GOAL OF THE EXERCISE
Once the pictures are removed, restate the data below word for word.

Stored items:
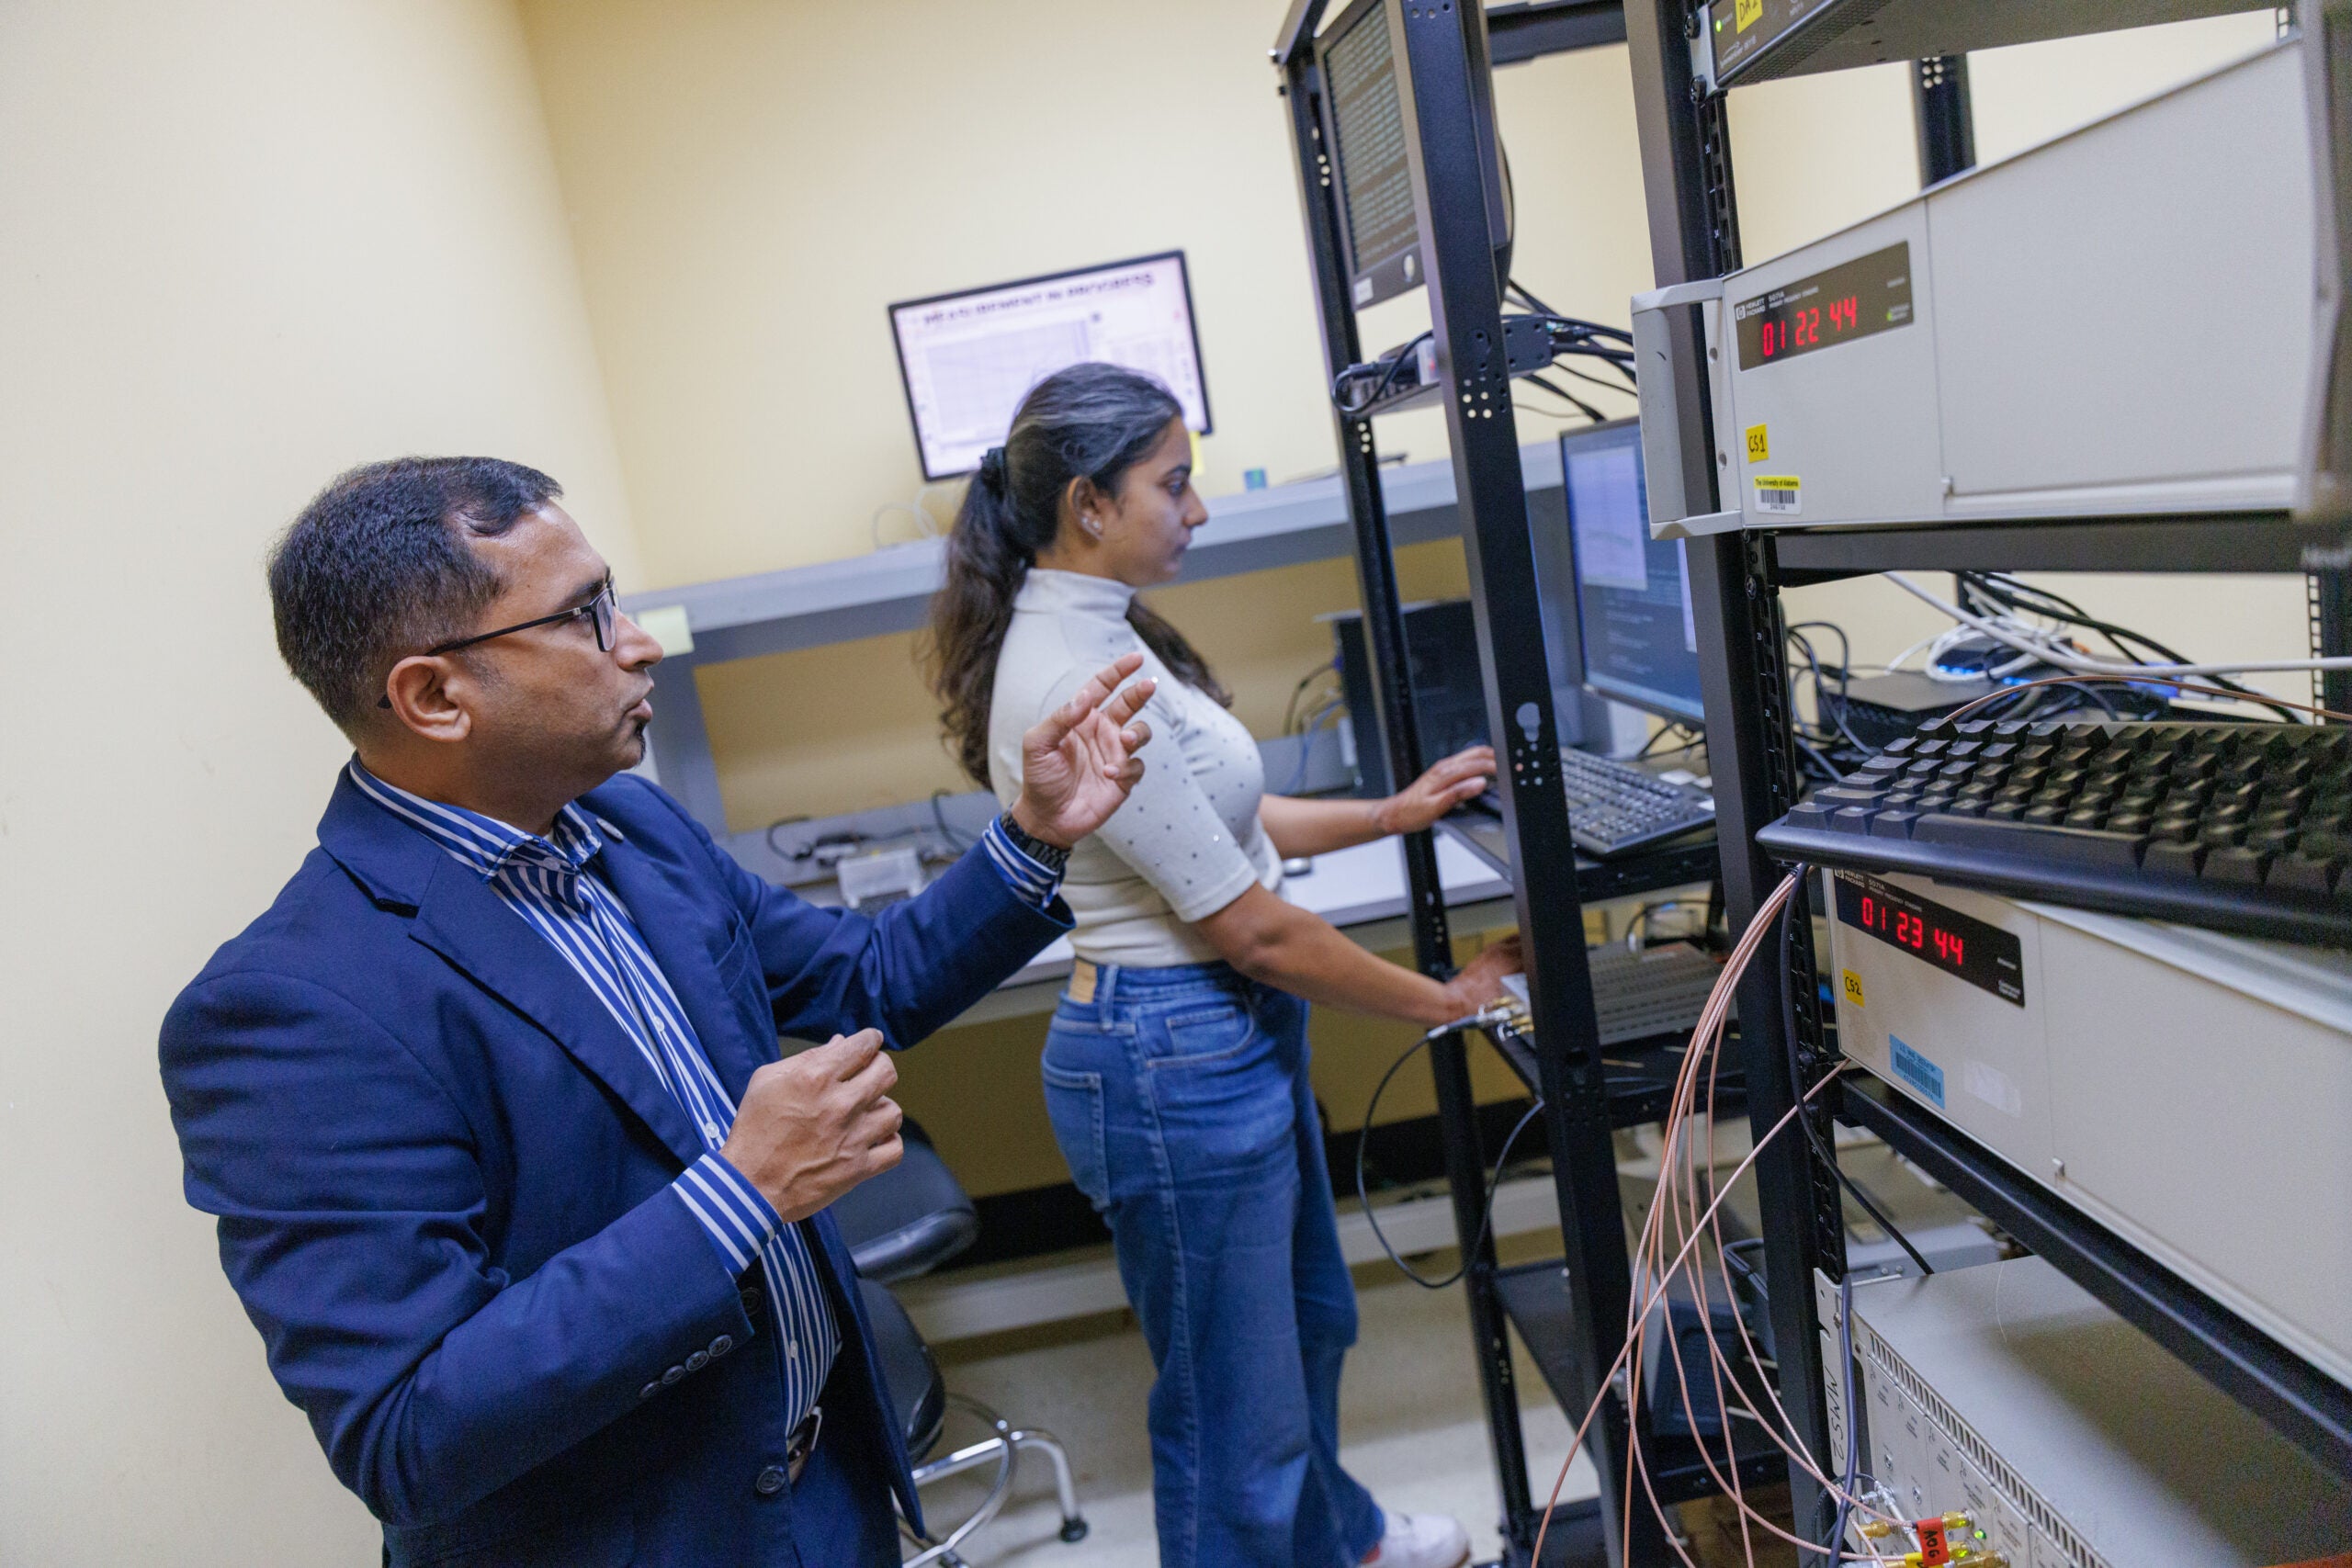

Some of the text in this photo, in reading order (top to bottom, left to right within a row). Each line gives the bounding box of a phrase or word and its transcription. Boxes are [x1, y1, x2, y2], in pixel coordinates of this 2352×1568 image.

[1746, 298, 1765, 309] HEWLETT
[1762, 320, 1787, 357] 01
[1795, 307, 1820, 346] 22
[1829, 295, 1858, 332] 44
[1748, 434, 1767, 453] CS1
[1845, 876, 1865, 888] PACKARD
[1868, 879, 1885, 890] 5071A
[1861, 897, 1963, 966] 01 23 44
[1845, 976, 1862, 996] CS2

OUTPUT
Some of the text in this photo, in reading order (top to bottom, left to right within a row). Each line gives the bounding box of a phrase or word and its transcription. Boxes are [x1, y1, x2, y2], in pixel coordinates of this 2352×1568 image.

[1746, 298, 1765, 309] HEWLETT
[1762, 320, 1787, 357] 01
[1795, 307, 1820, 346] 22
[1829, 295, 1858, 332] 44
[1748, 434, 1767, 453] CS1
[1845, 876, 1865, 888] PACKARD
[1868, 879, 1885, 890] 5071A
[1861, 897, 1963, 966] 01 23 44
[1845, 976, 1862, 996] CS2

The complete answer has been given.